1. A Deep and Personal Look at Your Muscles

When we ask a bodybuilder to make a muscle, few of us realize just how much is going on underneath the skin. Muscles are made up of bundles of fibers. Strands of proteins (actin and myosin) in each bundle grab onto each other and allow a muscle to shorten and contract. On average, our muscles are made up of 60 percent fast-twitch muscle fibers and 40 percent slow-twitch fibers.

2. Keeping Up With Fast-Twitch Muscle Fibers

Fast-twitch muscles allow the fibers to contract more rapidly. These muscles come into play when, say, a bodybuilder lifts a heavy weight a few times over a very short period of time or when a runner is running sprints.

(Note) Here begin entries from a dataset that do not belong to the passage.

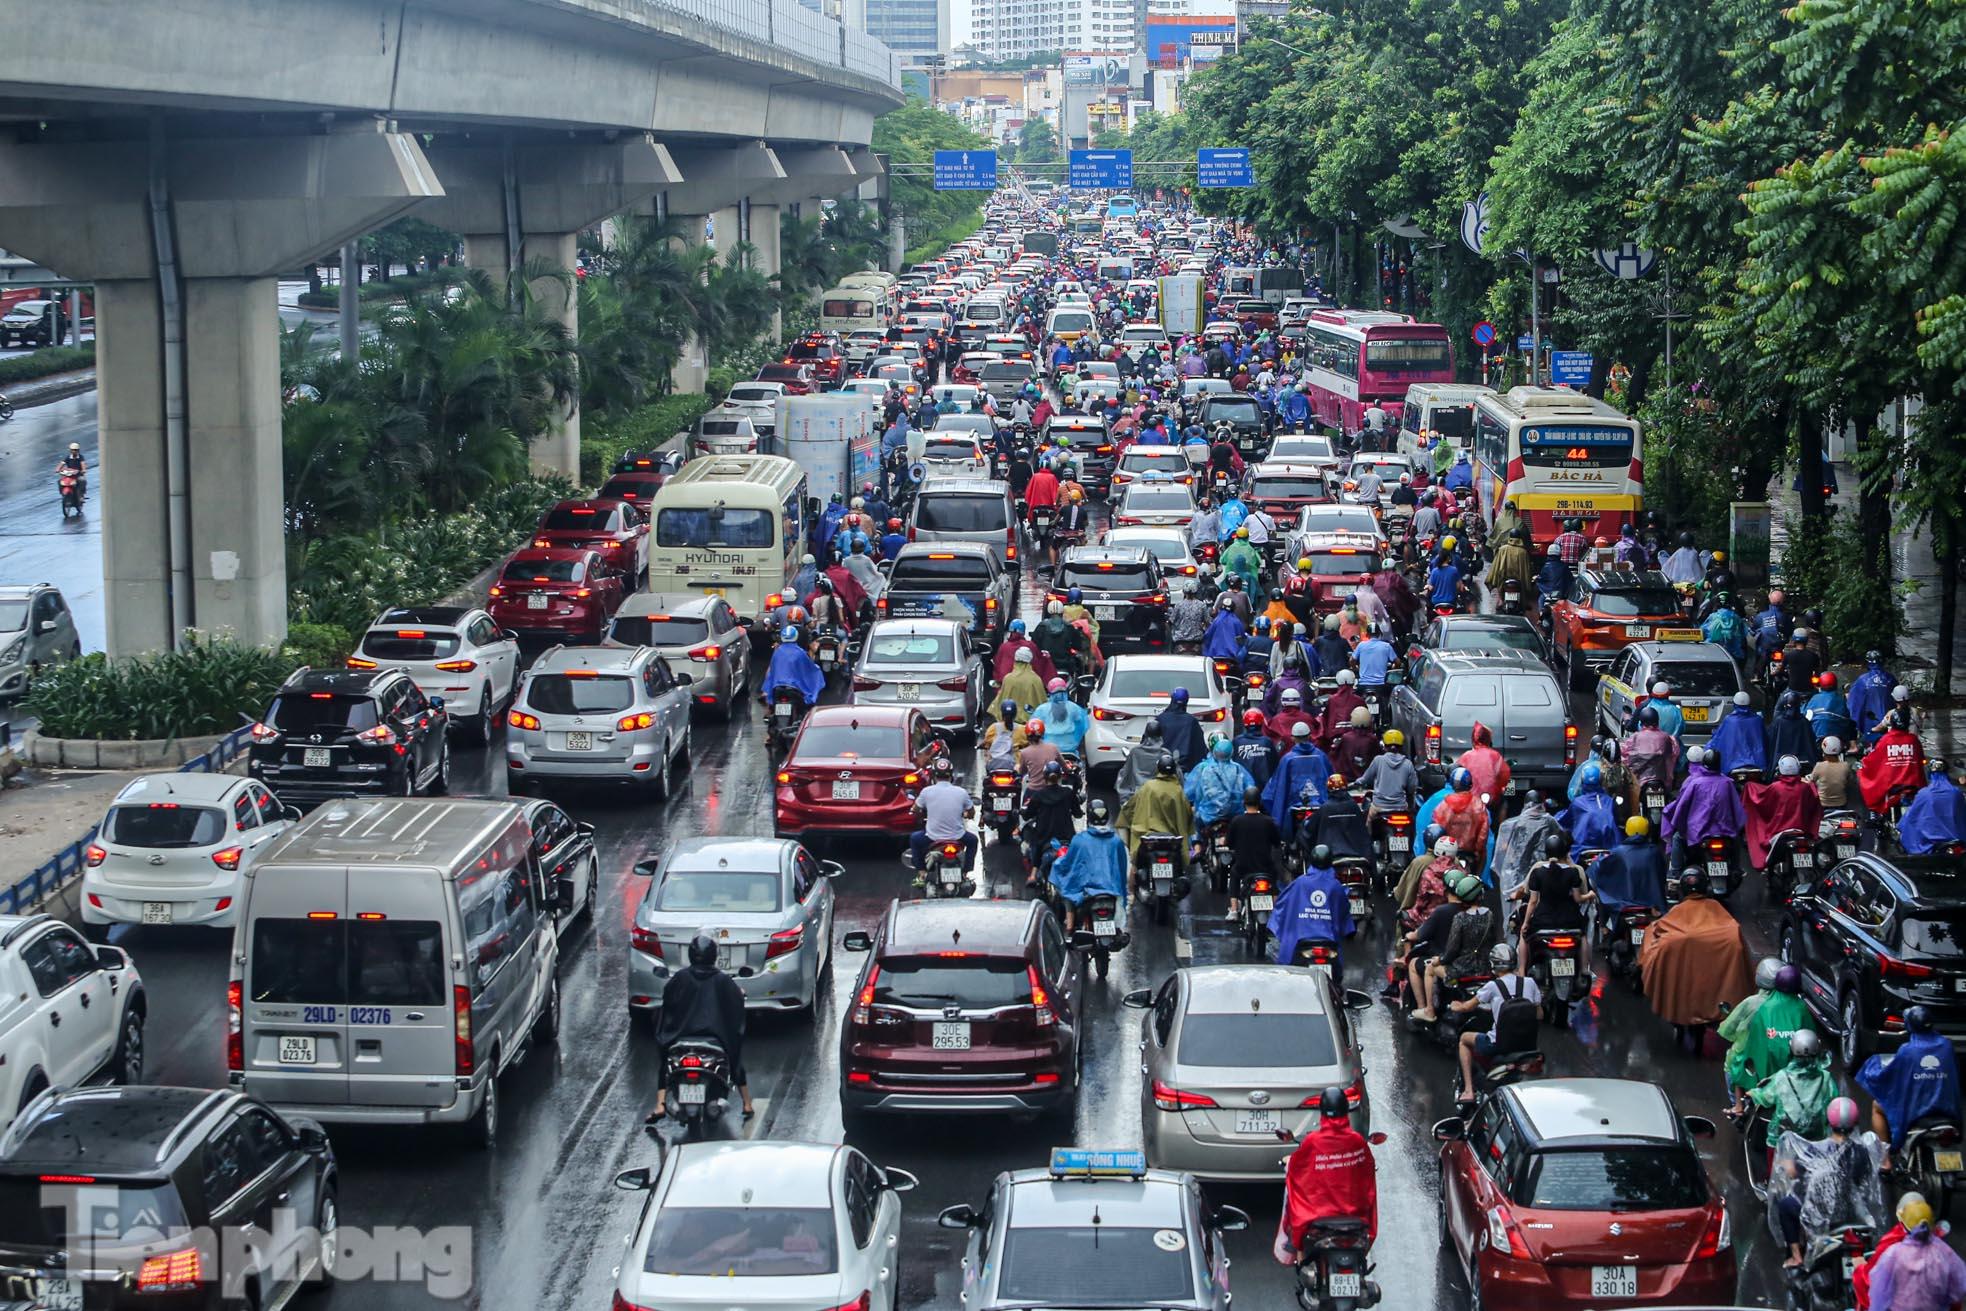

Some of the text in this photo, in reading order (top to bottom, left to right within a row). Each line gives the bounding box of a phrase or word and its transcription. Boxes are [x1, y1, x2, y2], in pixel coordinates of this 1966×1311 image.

[1528, 431, 1537, 441] 44
[1567, 448, 1587, 459] 44
[1550, 469, 1603, 480] BẮC HÀ
[686, 554, 744, 563] HYUNDAI
[1887, 744, 1913, 756] HMH
[304, 1006, 336, 1023] 29LD
[350, 1008, 391, 1024] 02376
[942, 1024, 960, 1035] 30E
[287, 1039, 308, 1049] 29LD
[934, 1036, 969, 1048] 295.53
[283, 1050, 312, 1060] 023.76
[1249, 1110, 1268, 1120] 30H
[1240, 1122, 1277, 1131] 711.32
[1087, 1152, 1114, 1167] SÔNG
[1604, 1267, 1626, 1280] 30A
[1334, 1276, 1356, 1285] 89-E1
[48, 1280, 71, 1294] 29A
[1595, 1282, 1635, 1296] 330.18
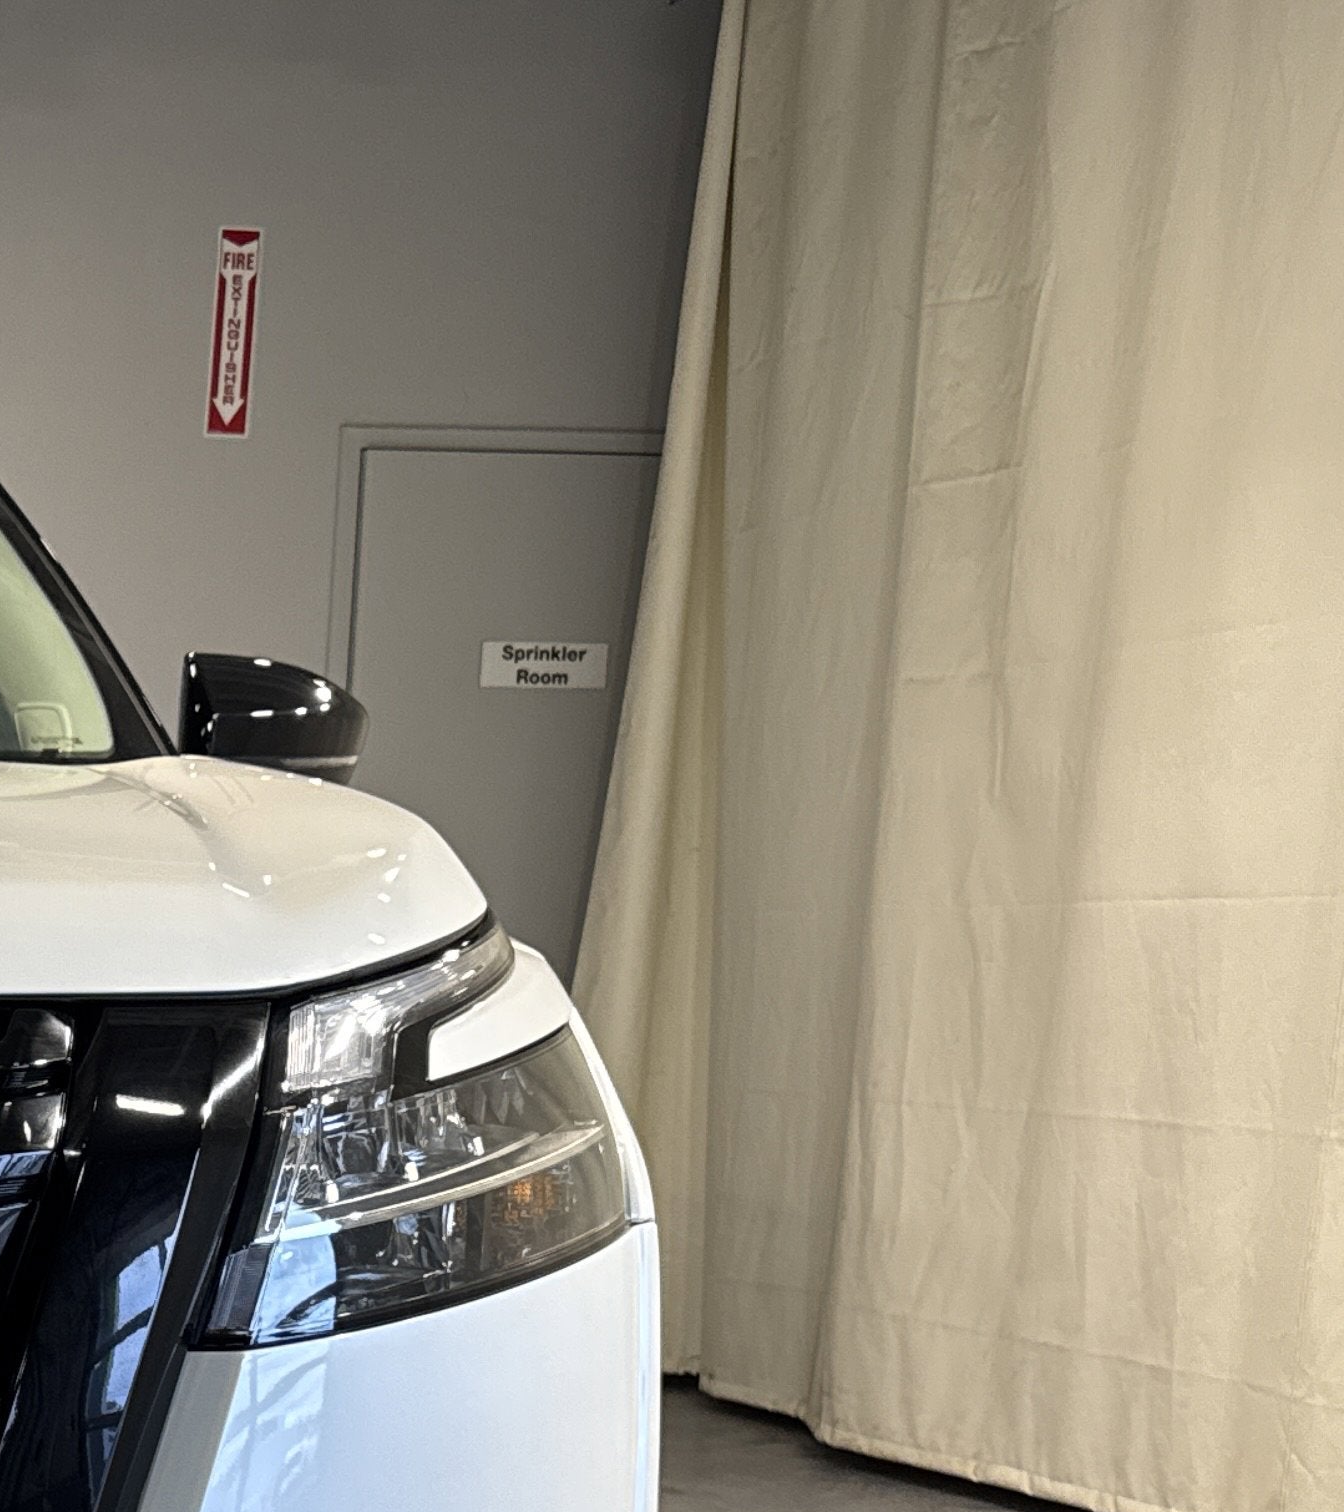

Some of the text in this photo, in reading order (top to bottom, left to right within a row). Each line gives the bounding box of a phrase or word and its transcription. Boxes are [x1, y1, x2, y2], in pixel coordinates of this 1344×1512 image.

[223, 252, 255, 270] FIRE
[502, 645, 588, 663] Sprinkler
[516, 669, 569, 685] Room
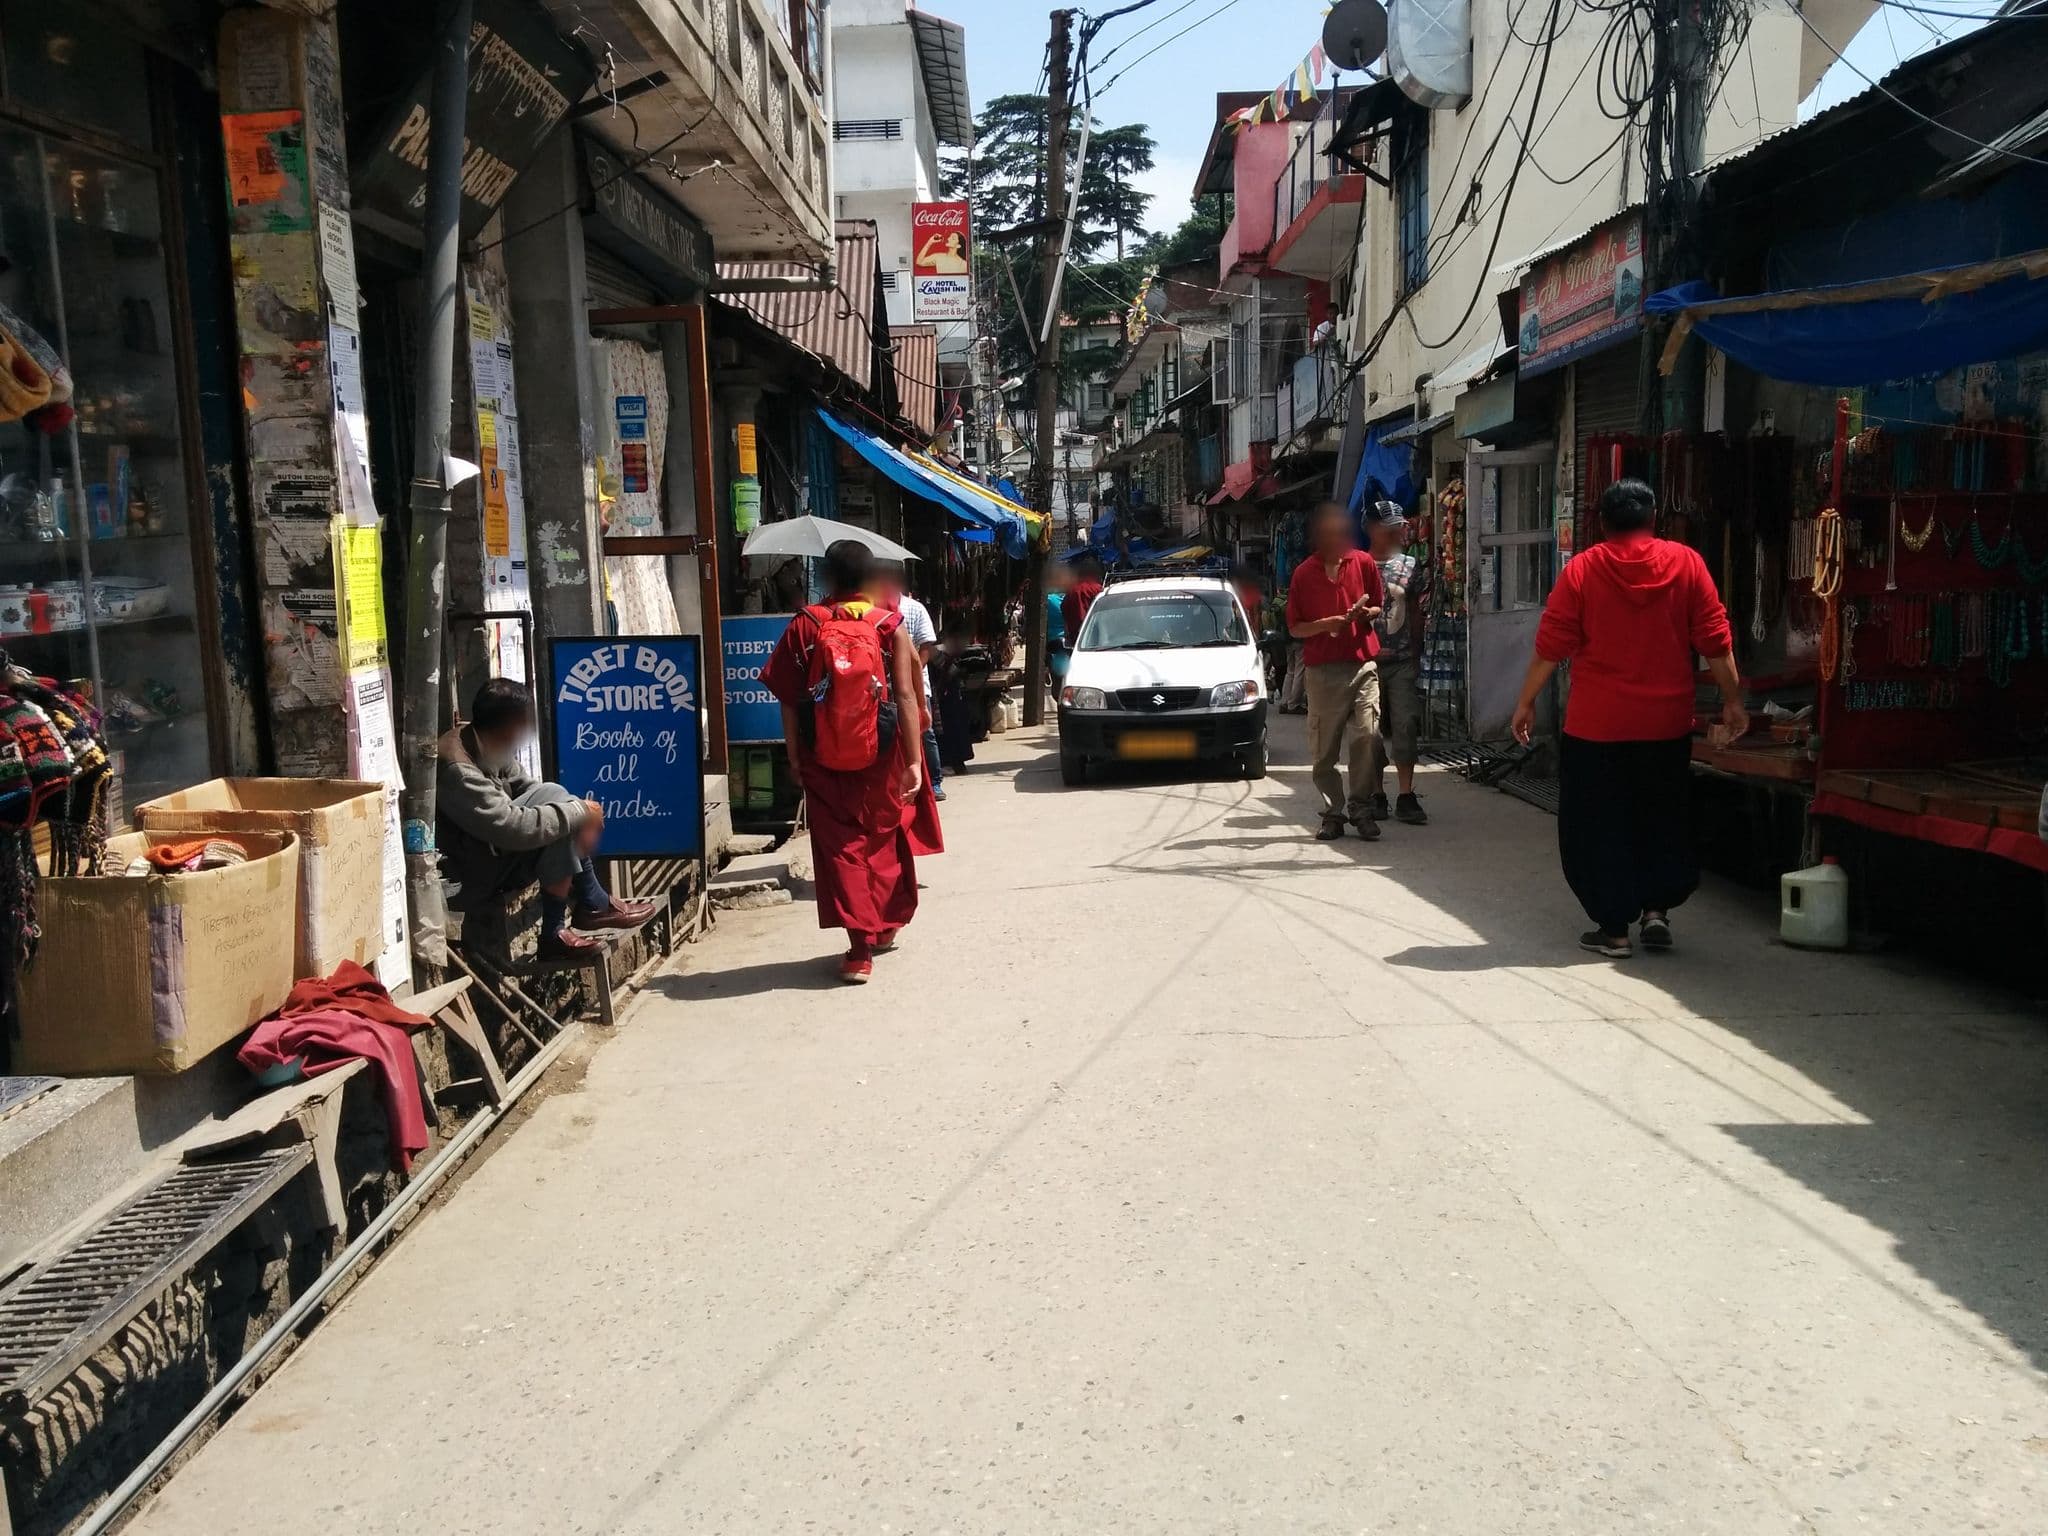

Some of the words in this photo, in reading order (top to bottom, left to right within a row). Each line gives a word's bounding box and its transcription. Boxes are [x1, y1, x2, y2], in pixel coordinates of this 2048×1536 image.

Fast-twitch muscles do not provide more force than slow-twitch muscles, they simply provide speed and are used for short bursts of power. Fast-twitch muscles use glycogen, a form of glucose, and not oxygen as their energy source.

3. Fibers So Fast, They Need More Than One Type

While there is only one type of slow-twitch muscles (Type I, using only oxygen), fast-twitch muscles are broken down into two types (Type IIa and IIb). Type IIa are intermediate fast-twitch muscles that exhibit characteristics of both fast and slow-twitch muscles (mainly, they are able to use both oxygen and glycogen for energy). Type IIb are solely fast-twitch fibers, responsible for short bursts of speed and energy. These muscle fibers are not used for endurance as they tire more quickly.

4. When It Comes to Fast-Twitch Muscles, Don't Turn the Other Cheek

The best exercise program incorporates movements that benefit both types of muscle fibers. Building slow-twitch muscles is great for endurance. Cardio workouts and higher sets and repetitions are great for slow-twitch muscles. Fast-twitch fibers react best to short bursts of activity. Powerlifting (very low repetitions and sets with heavy weights) is one way you can make sure you are not ignoring your fast-twitch muscles.

5. Fast-Twitch Muscles Like Exercise Too

Isometric training is perhaps the best way to ensure you are focusing on only your fast-twitch muscles when exercising. Isometric exercises contract the muscle without any movement of the joint, keeping the muscle in a static contraction. For example, curling a weight to your chest and holding it there would be an isometric exercise. Working out with a resistance band is another form of isometric exercise that greatly benefits the development of fast-twitch muscles.